Wheel – The guy in the room whose soul desire is to look infinitely more important than he actually is. More accurately, the guy who believes he keeps things rolling. Tell-tale signs of “wheelism” include buying everyone he talks to a drink, talking about backstage appearances at concerts or VIP treatment at clubs, and an affinity for pastel-colored button-down shirts.
Wheelhouse – (Reverse of the Target Demographic) Women of a certain age, attractiveness, intelligence, status or proximity who realistically believe they could date / marry you.

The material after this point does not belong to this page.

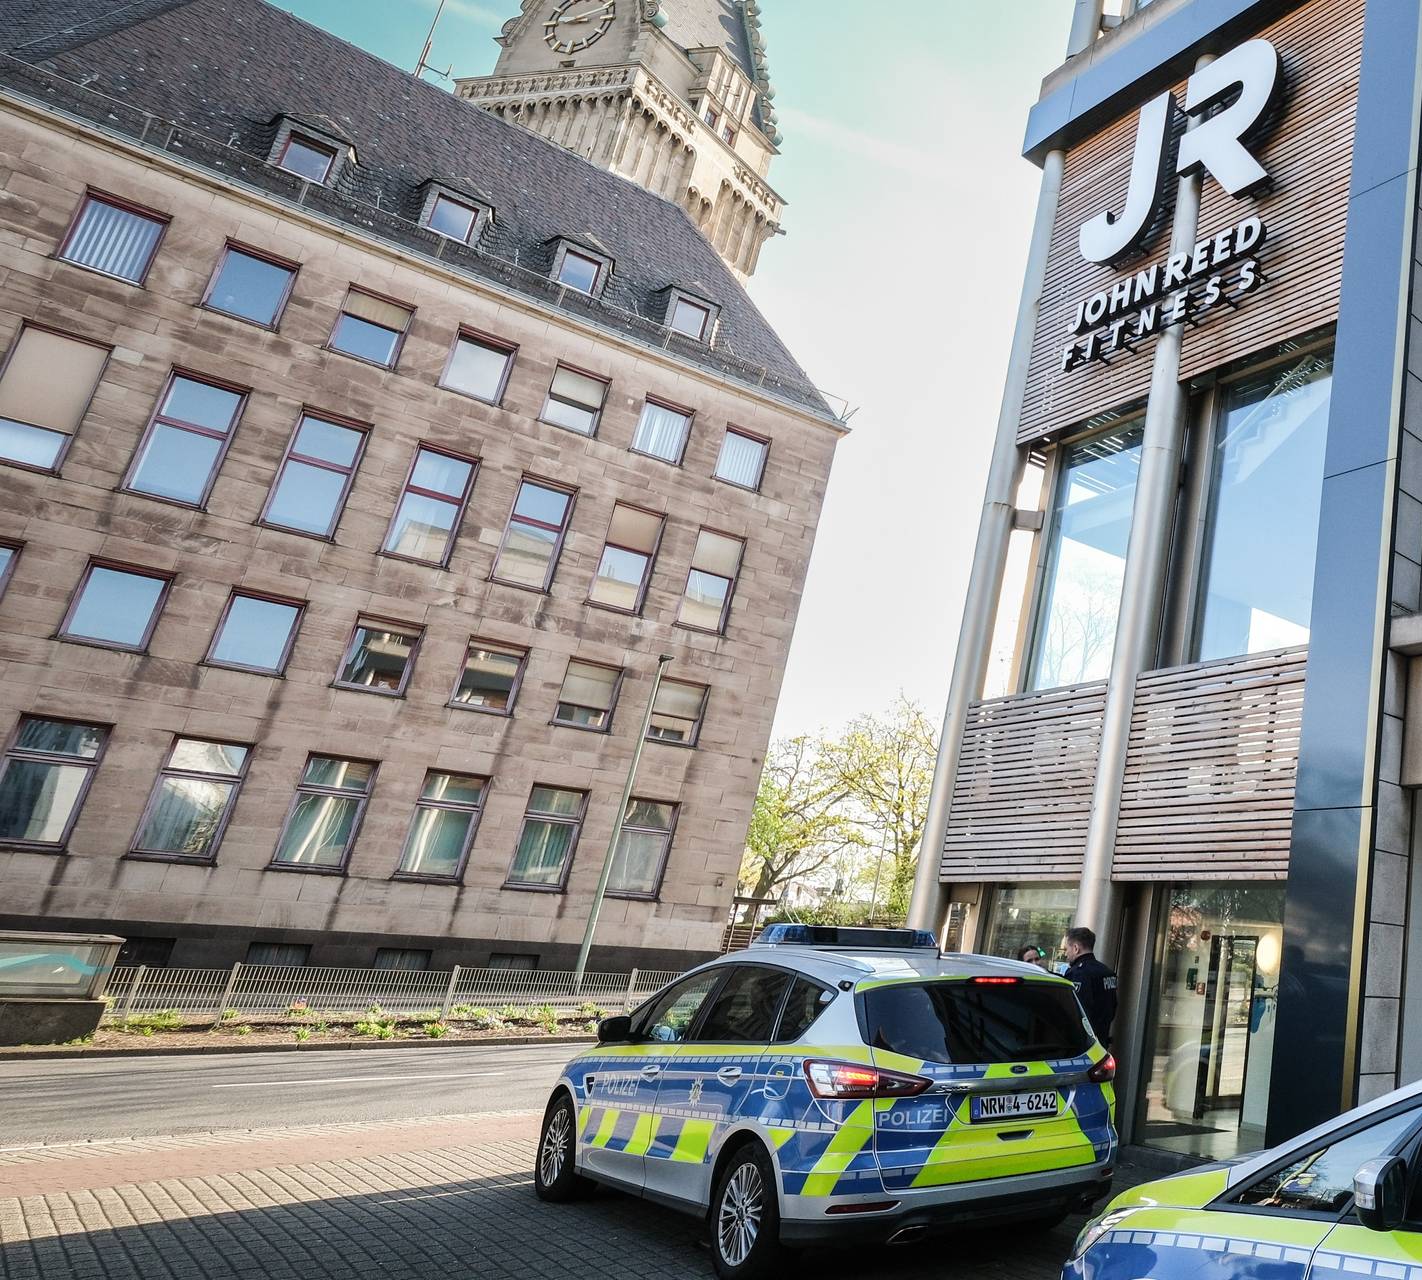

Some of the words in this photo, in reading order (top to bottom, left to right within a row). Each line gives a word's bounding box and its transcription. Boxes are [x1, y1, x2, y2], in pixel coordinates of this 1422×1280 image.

Whitesnake Music Video / Warrant Music Video – Any bar located in a white trash town (see Whitetrashistan) where it looks as though the clientele are on the wrong side of 35 and dress to a certain aesthetic not seen since a Whitesnake or Warrant music video.
Whitetrashistan – Utica.
X (for insert any noun here)
X Airport, Diner and Oil Change / Tire Service / Smoke Shop – Any establishment that’s extremely small and backwoods. A general store is a great example, but also, so is Oneida County Airport.
X of the Decade – something that is superlatively awesome.
X: Y(Verb)’ing since Z(Year) – Snowcone meant to give someone or something a tagline, usually done pejoratively or sarcastically.
Yao brao! (pronounced Yow-Brow)– Variant of Yo Bro. Culled from Avery, who answered his phone like this every day for about 18 months.